Plus they're pretty, and if you look closely at the above photo, Frank is practically standing on them.
I don't usually enjoy January. It's cold, and all the holiday spirit has been packed away. This year is different though. My mind is clear and focused on what I want to accomplish this year, and hey, there is always something to look forward to.
On area that I have been working on is my fitness. I'm looking at my broken ankle and achilles tendonitis not as a blessing, but after healing, I now have a true clean slate to get my body back. Mike got me a bike trainer for Christmas, I set it up in the basement next to my treadmill, and moved some weights there too. Now I have my very own pain cave! I was good about going to PT, and was cleared for activity last week. As long as I stay on top of keeping the achillies healthy, I can start running.
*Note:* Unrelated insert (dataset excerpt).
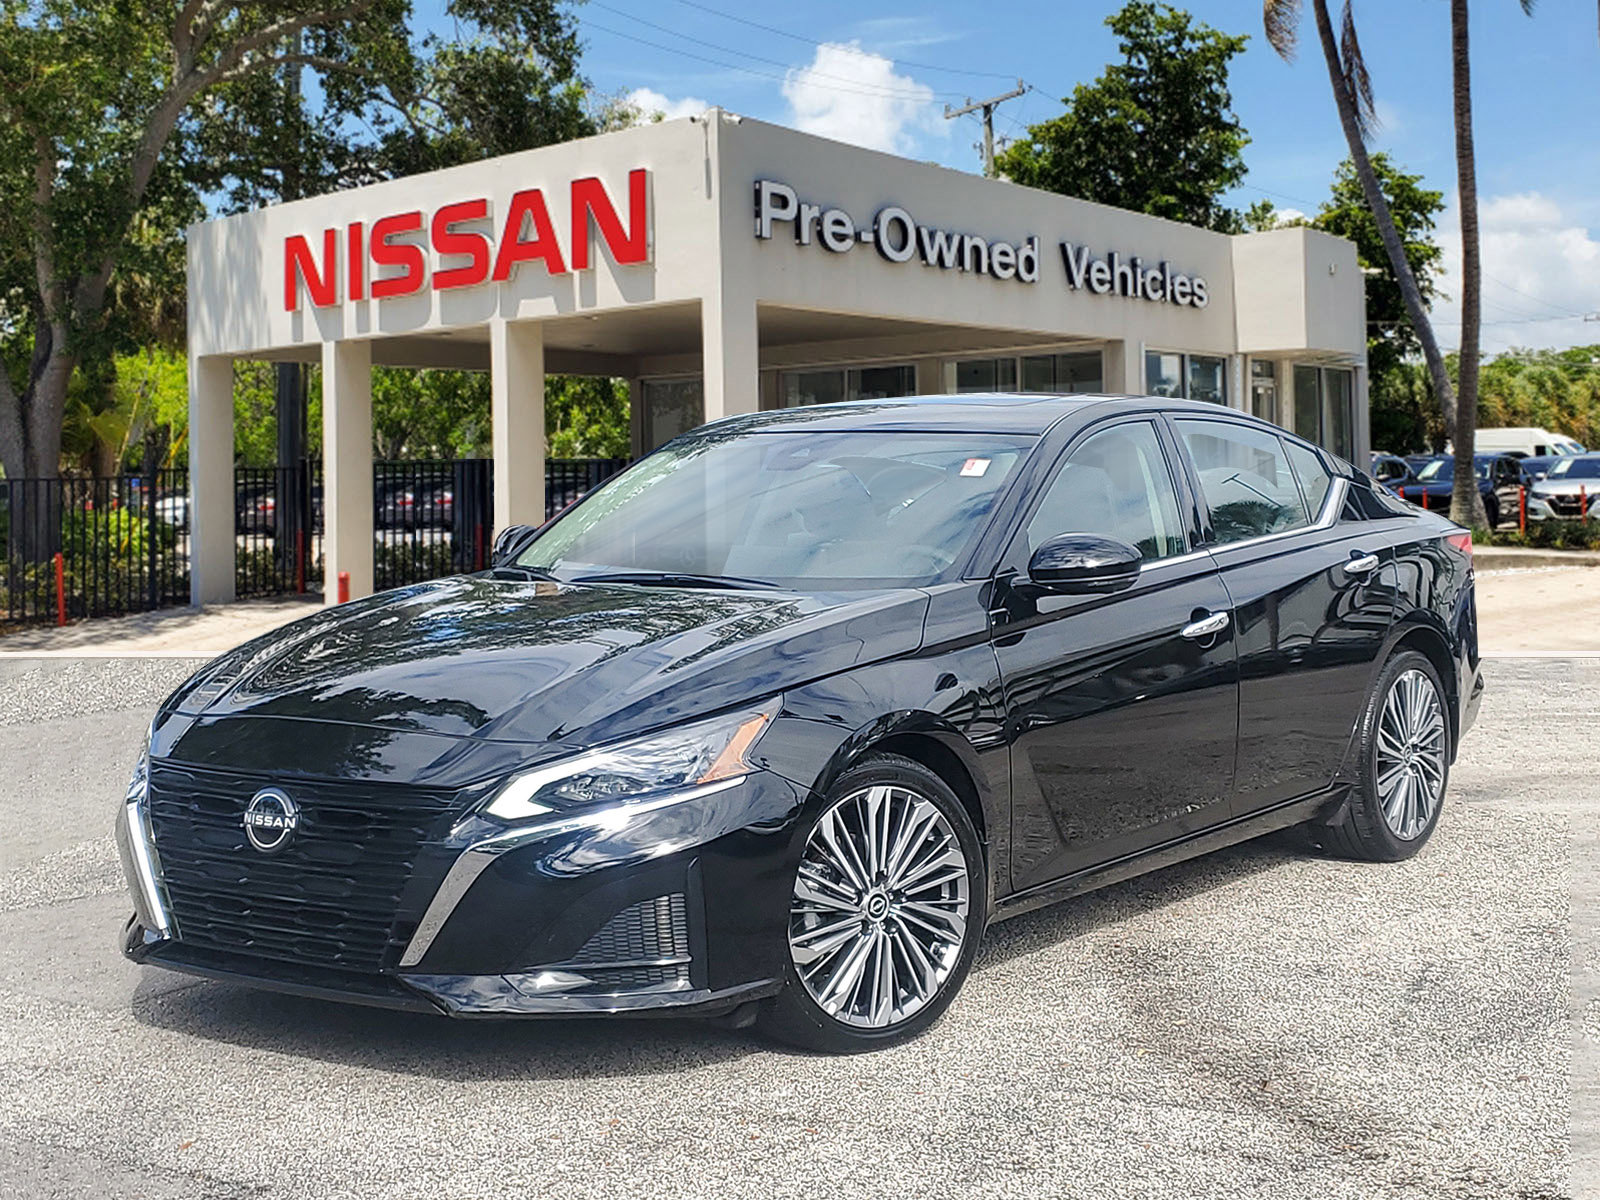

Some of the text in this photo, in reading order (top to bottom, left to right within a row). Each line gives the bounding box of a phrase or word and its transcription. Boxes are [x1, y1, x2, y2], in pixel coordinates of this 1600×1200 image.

[285, 169, 648, 311] NISSAN
[756, 180, 1209, 308] Pre-Owned Vehicles
[244, 812, 296, 828] NISSAN
Starting from the beginning again is hard, but I've done it before. Instead of weighing myself, I've decided to just put my head down and soldier through. When I get back into my favorite size 8 jeans I will then weigh myself so that I have a number that I need to hover around to stay healthy. I will say that I do need to lose 30 pounds. Ugh. It's one thing to know it in your brain, it's another to see it in print.
Instead of following a specific diet, I am going to make smarter choices. By now I know what I need to eat to lose weight, my problem is that I'm not disciplined. I need to be aware of what I'm putting in my mouth
. I've realized that I eat mindlessly. At work I walk by the snack table and reach out to grab an m&m. It happened the other day, and I pulled my arm back when I realized what I was doing. As I talk to Mike in our kitchen after work, I watch myself turn from him, open the cabinet, then the bag of chips. Again, I stopped myself. It's little things like that. Taking a few bites of the kid's leftovers. Having just a couple of Mike's fries at lunch. A little bit of this and a bit of that adds up. To a lot!!
It feels really good to move again. In this area I have to keep focusing on cross training. Today I got on the treadmill and slowly ran two miles! I felt good, I kept my pace around 11 minute miles, but I have to be cautious until I get my ankle sleeve. After that I rode the bike for 20 minutes, which is going to be key, if I have only ten minutes I'm still going to use the bike to complement my running.
I'm hoping to go to the pool as well, when my schedule allows it. Finally, every day I need to do the exercises my PT gave me for my injuries, and I've added planks to my sessions as well.
So that's my plan. I'm looking at it as a lifestyle change, that I will stick to long term, not a diet that will have an end point. I want long term success, not a short term fix.
Okay, here I go!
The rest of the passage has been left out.